*About this task*: Would you please repeat all of the data exactly, omitting the pictures?

══════════════════════════════

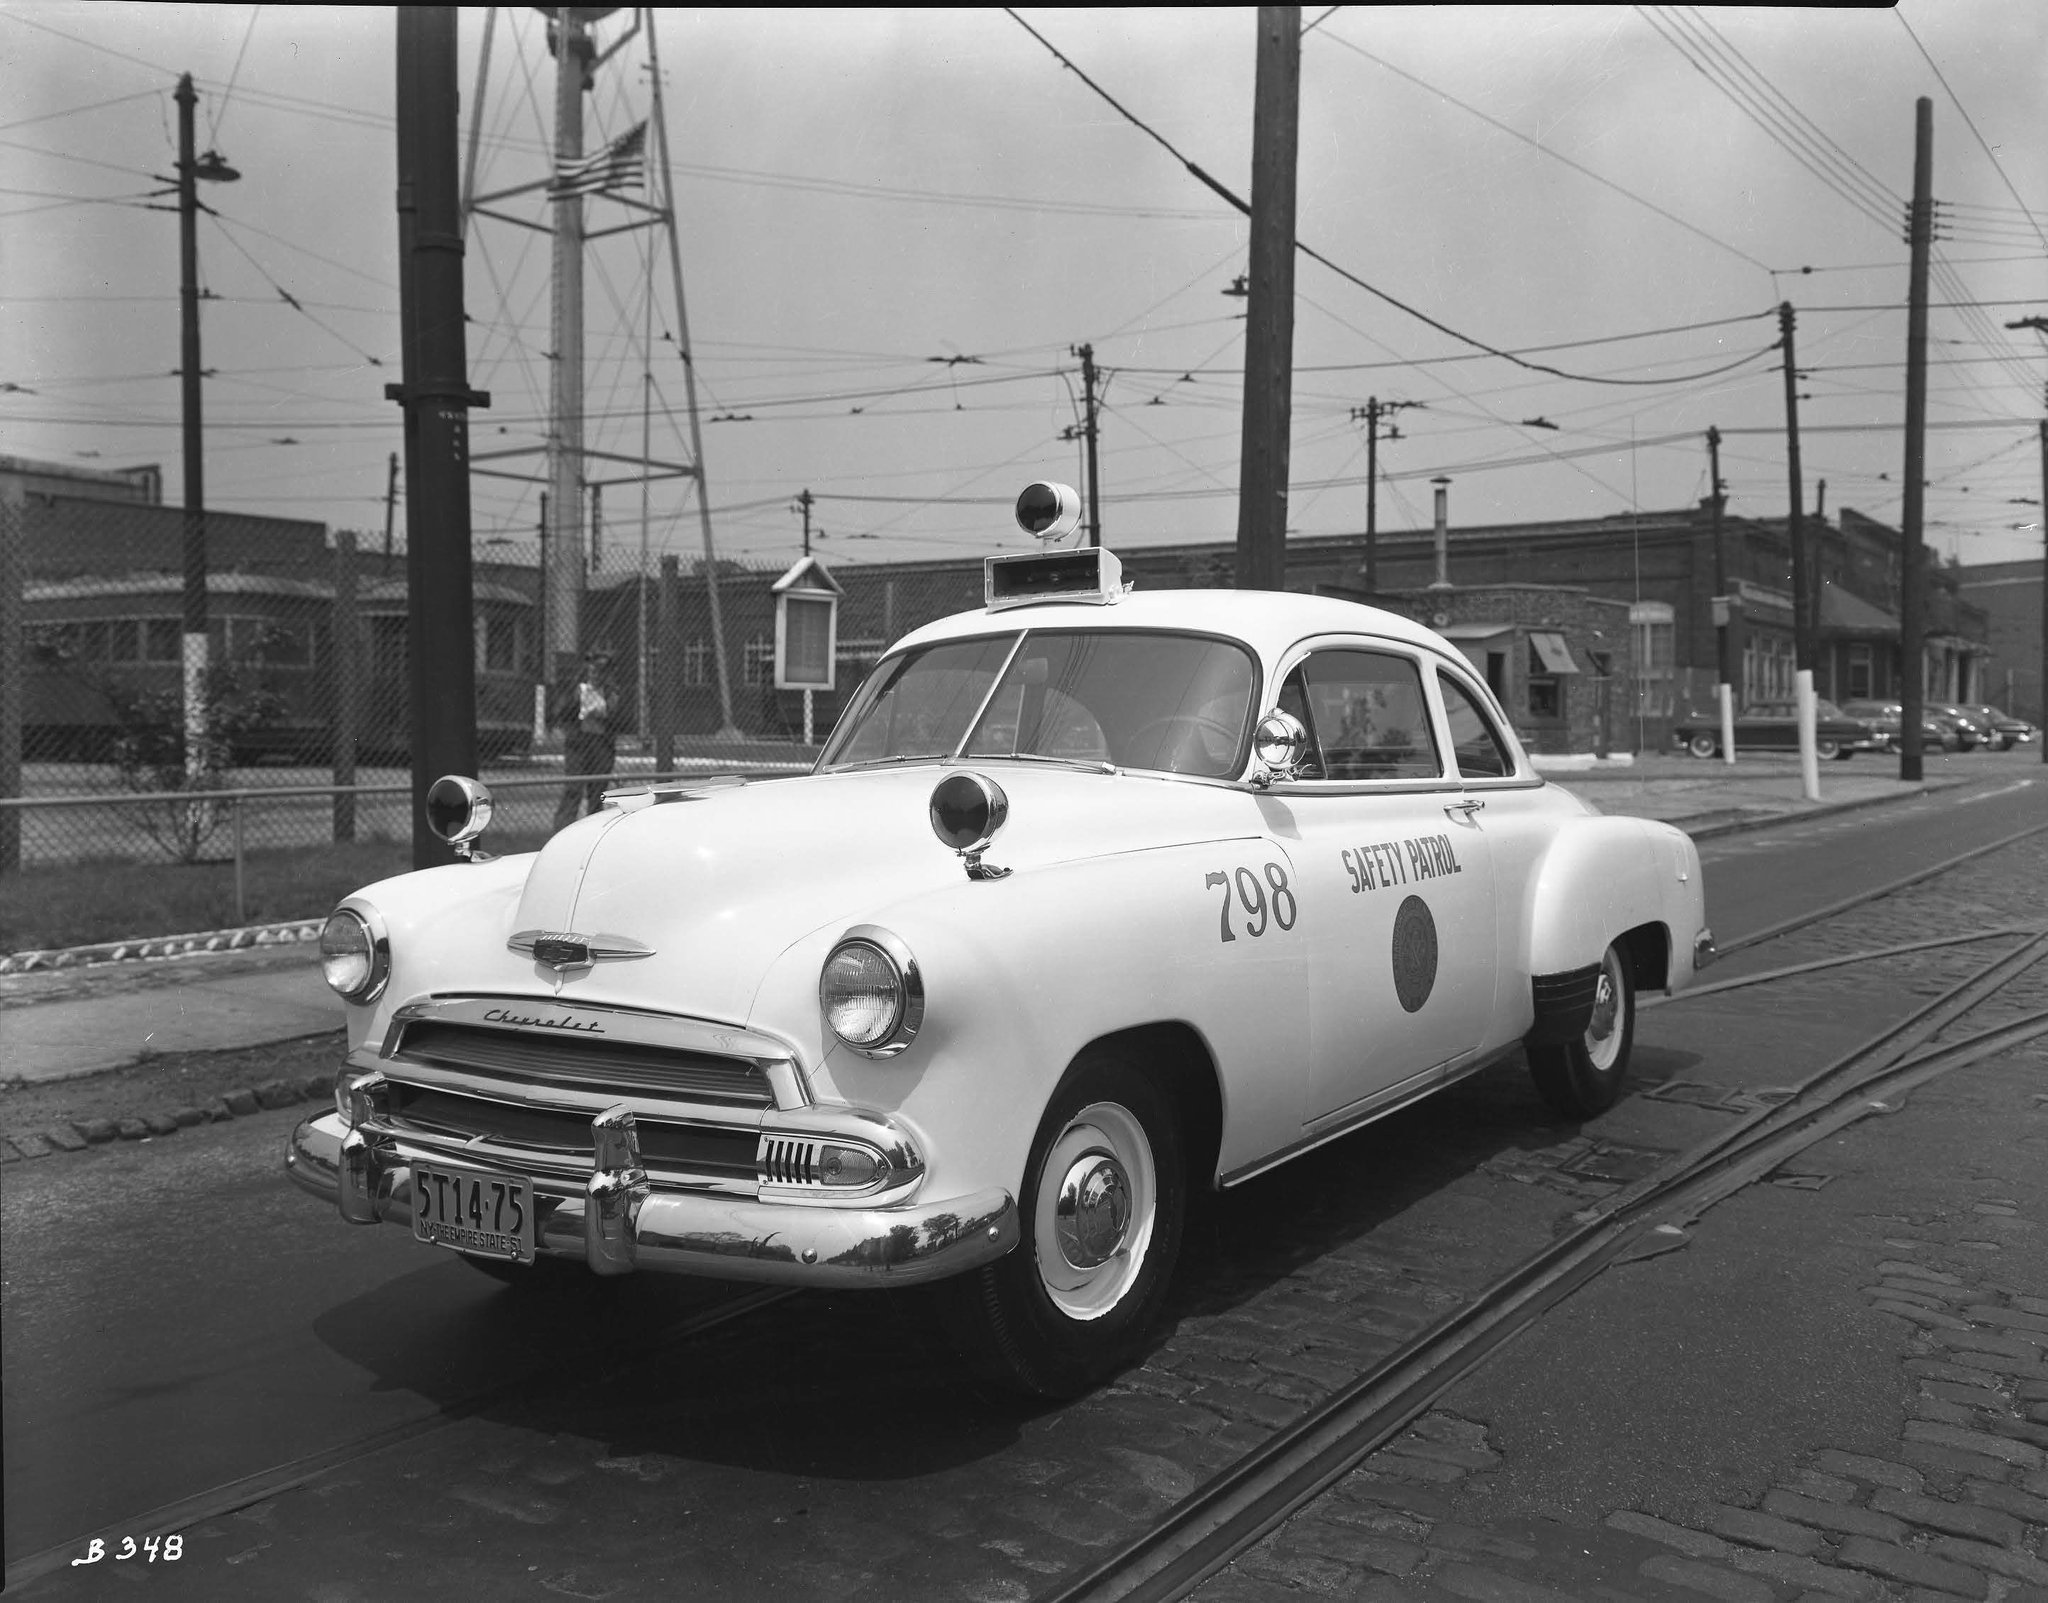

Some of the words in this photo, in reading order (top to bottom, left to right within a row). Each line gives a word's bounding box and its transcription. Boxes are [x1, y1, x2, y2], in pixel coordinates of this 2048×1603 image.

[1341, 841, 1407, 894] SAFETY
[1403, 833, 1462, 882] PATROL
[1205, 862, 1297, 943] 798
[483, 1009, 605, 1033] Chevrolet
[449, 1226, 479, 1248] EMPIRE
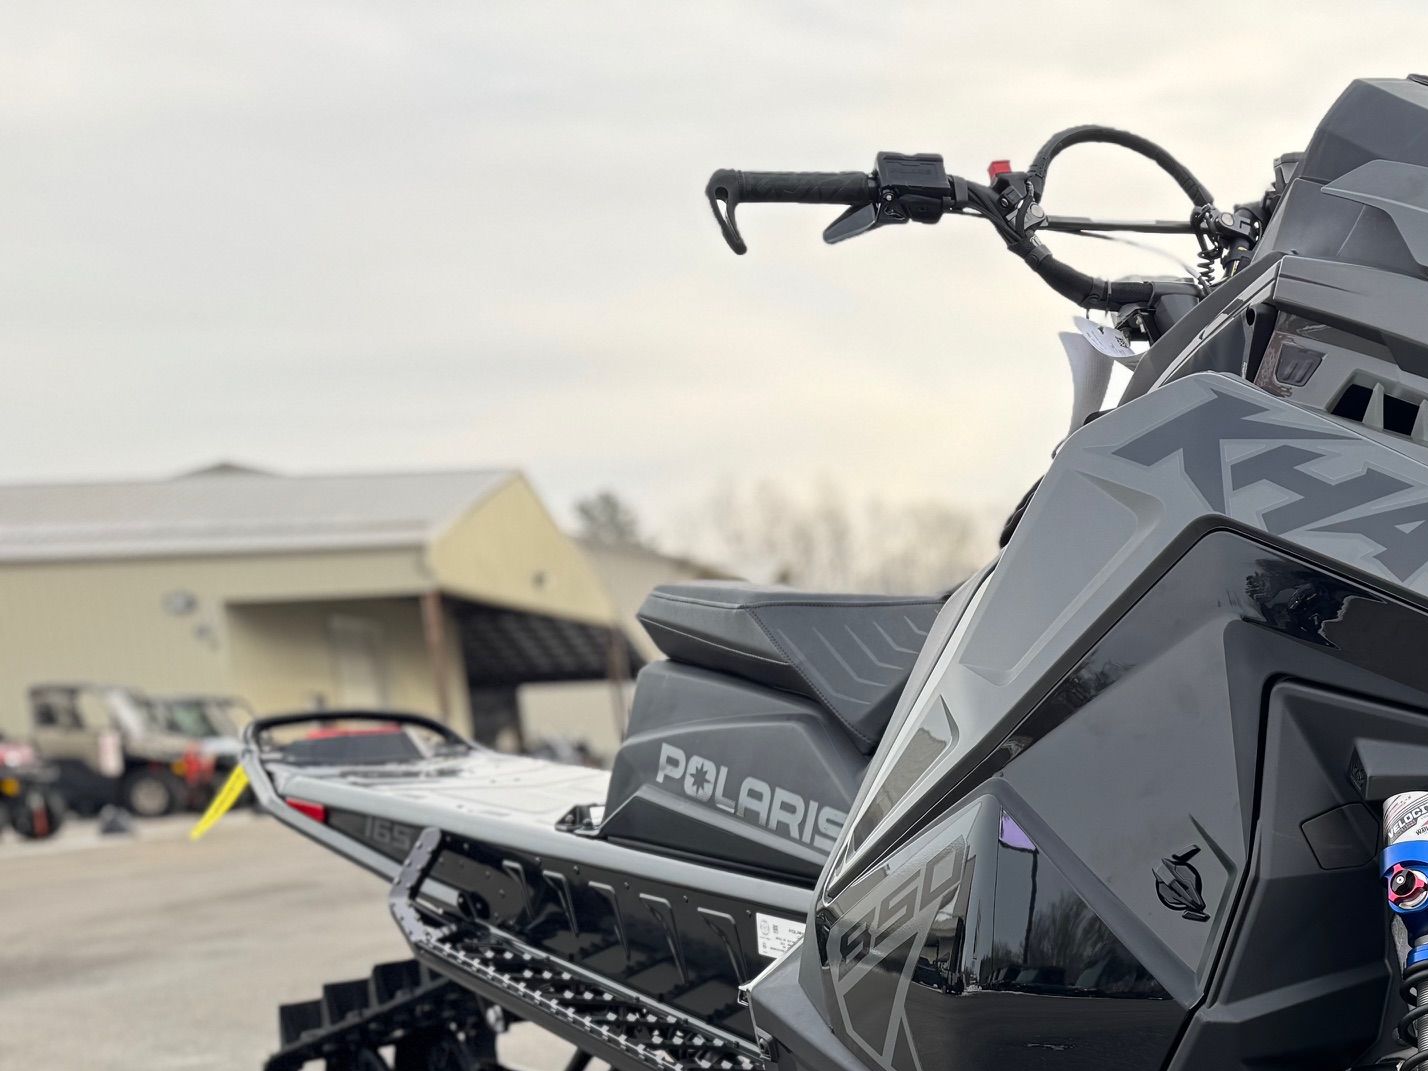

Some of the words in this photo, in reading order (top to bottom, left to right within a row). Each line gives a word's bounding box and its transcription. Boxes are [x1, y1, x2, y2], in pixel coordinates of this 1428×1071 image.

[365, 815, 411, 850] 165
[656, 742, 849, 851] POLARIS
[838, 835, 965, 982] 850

══════════════════════════════

*Result*:
Some of the words in this photo, in reading order (top to bottom, left to right within a row). Each line gives a word's bounding box and its transcription. Boxes are [x1, y1, x2, y2], in pixel coordinates of this 2048×1603 image.

[1341, 841, 1407, 894] SAFETY
[1403, 833, 1462, 882] PATROL
[1205, 862, 1297, 943] 798
[483, 1009, 605, 1033] Chevrolet
[449, 1226, 479, 1248] EMPIRE

Some of the words in this photo, in reading order (top to bottom, left to right within a row). Each line gives a word's bounding box and its transcription. Boxes are [x1, y1, x2, y2], in pixel coordinates of this 1428×1071 image.

[365, 815, 411, 850] 165
[656, 742, 849, 851] POLARIS
[838, 835, 965, 982] 850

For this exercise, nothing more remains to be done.